5: The piece generated from the back kimono sleeve/body is used to make an inseam pocket (as I hate dresses without pockets, it makes me feel too formal). This piece could also be used to extend the facing for the front if you really didn’t want pockets. Alternatively to remove the “pocket” you could make the sleeve wider and come out form the waist. This would also change the shape of the facing but as i said this isn’t a big deal and will not alter the function of it.
You can download my pattern for free here if you want to try it – Its a PDF. Be aware it is at 50% so if you’re printing it off you’ll need to scale it by 200%. Its currently about a womens size 10/12. This work is licensed under the Creative Commons Attribution-ShareAlike 4.0 International License.

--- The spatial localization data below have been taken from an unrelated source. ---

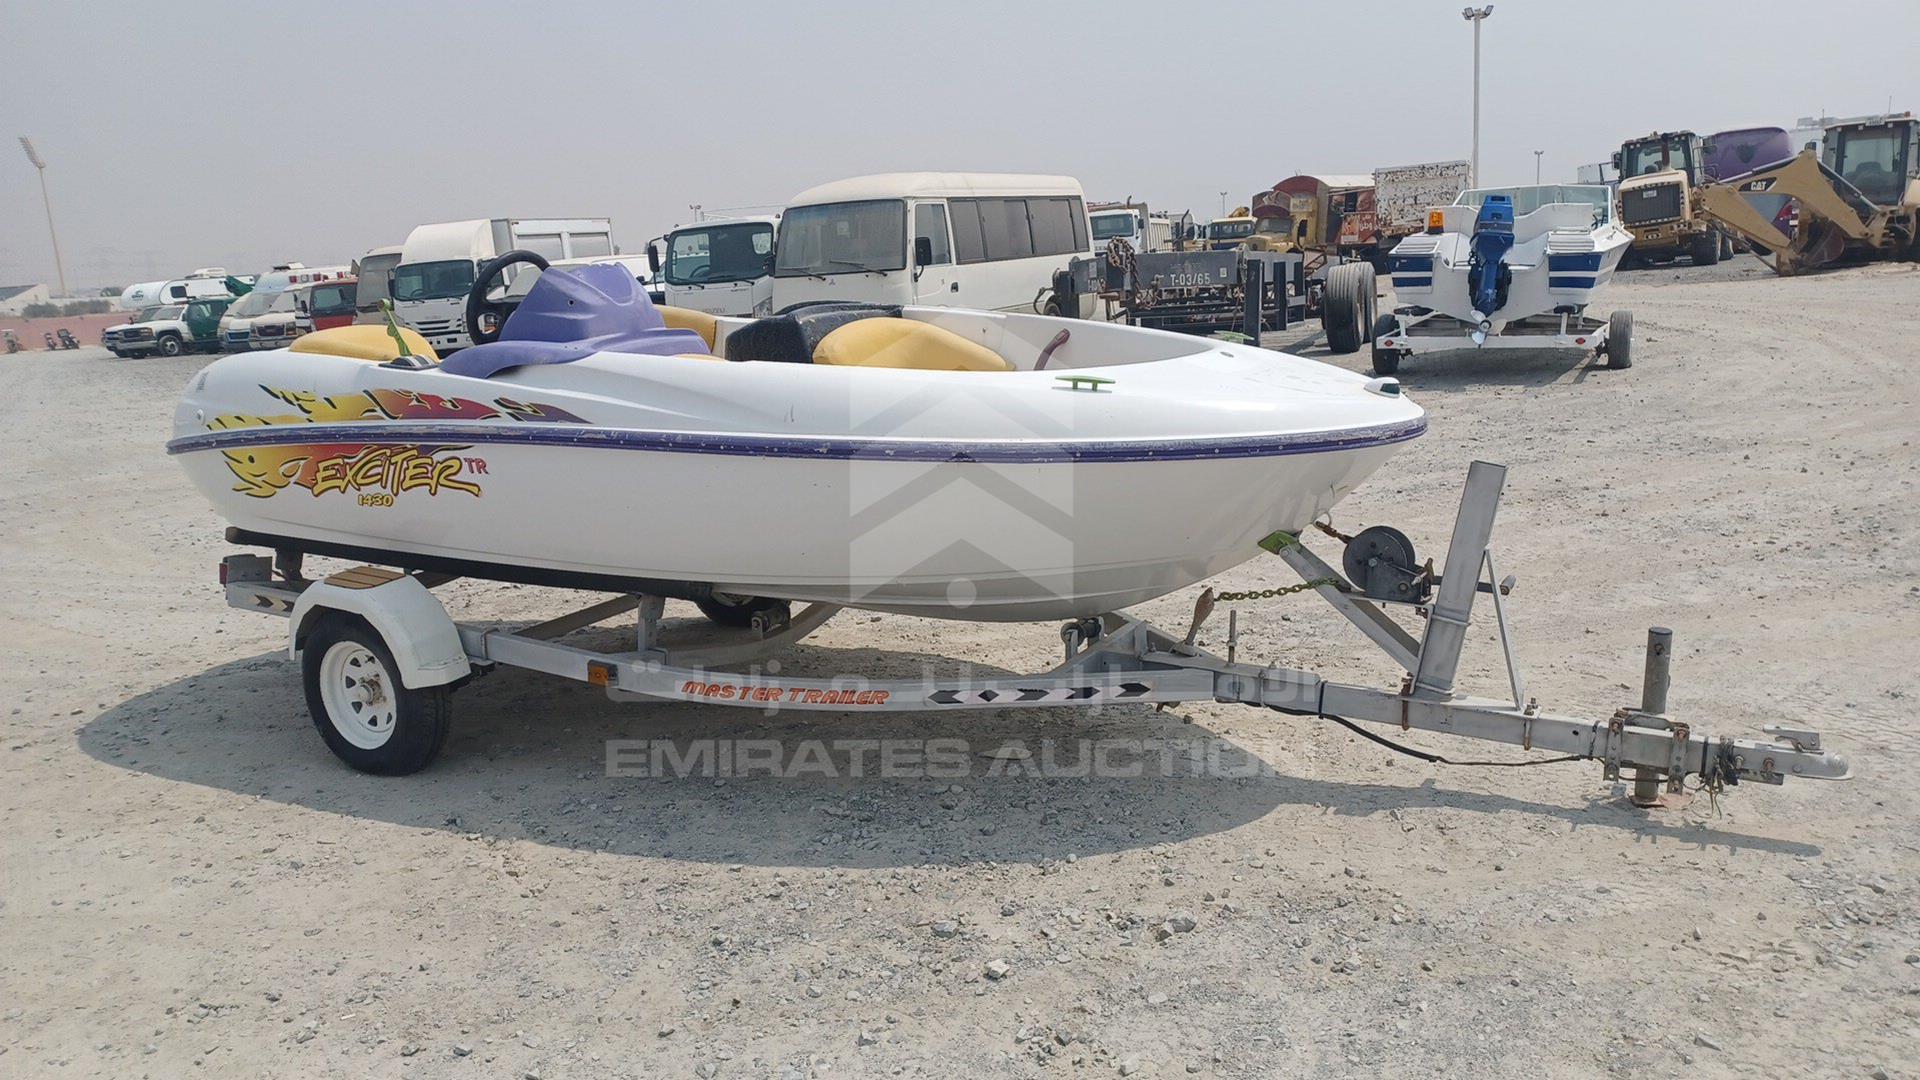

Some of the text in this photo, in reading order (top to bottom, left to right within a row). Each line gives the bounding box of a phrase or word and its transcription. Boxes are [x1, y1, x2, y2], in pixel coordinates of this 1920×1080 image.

[1750, 181, 1767, 191] CAT
[1170, 272, 1211, 287] T-03/65
[311, 447, 489, 498] EXCITER TR
[357, 493, 394, 507] 1430
[681, 680, 891, 706] MASTER TRAILER

If your fabric is a woven and is 140cm wide you could either narrow the twist and/or extension or (if your fabric allows it) simply rotate the pattern 90 degrees. Other fabric widths can be accommodated by changing the width of the extension and/or amount of twist. You could change the size the pattern makes doing a similar thing, by widening or narrowing the waist line by moving where the twist ‘hooks’ with the other side. And widening/narrowing the corresponding hip/side seam.
I sewed the garment up primarily using a very narrow rolled hem edge and a lap seaming process because i like the look of it, however you could use any process you like. It has a centre back zipper but if you made it in a knit you wouldn’t need it.
Things I could do to improve it further:
If I made the pattern square then altering it to suit different fabric widths is even simpler, you can simply cut a straight section of fabric from selvedge to selvedge, rotate and sew it somewhere on the straight grain (such as the selvedge) of the base fabric to make your fabric the right width. Using this approach the fabric need not even be the same – and you could exploit this approach to create some cool colour/texture blocking effects. It also make widening the pattern for different sizes of bodies easier as while fabric width is determined by the fabric you chose its length is theoretically infinite.
So how does it look?
Pretty slick I think. Here is a photo i took of me wearing the one i made last night (it was at 11:30pm so the lighting is rather poor). You can wear it a couple of ways – with the front extensions overlapping like i wore it here or more open like the original. It depends on how much leg/décolletage you’re wanting to show off.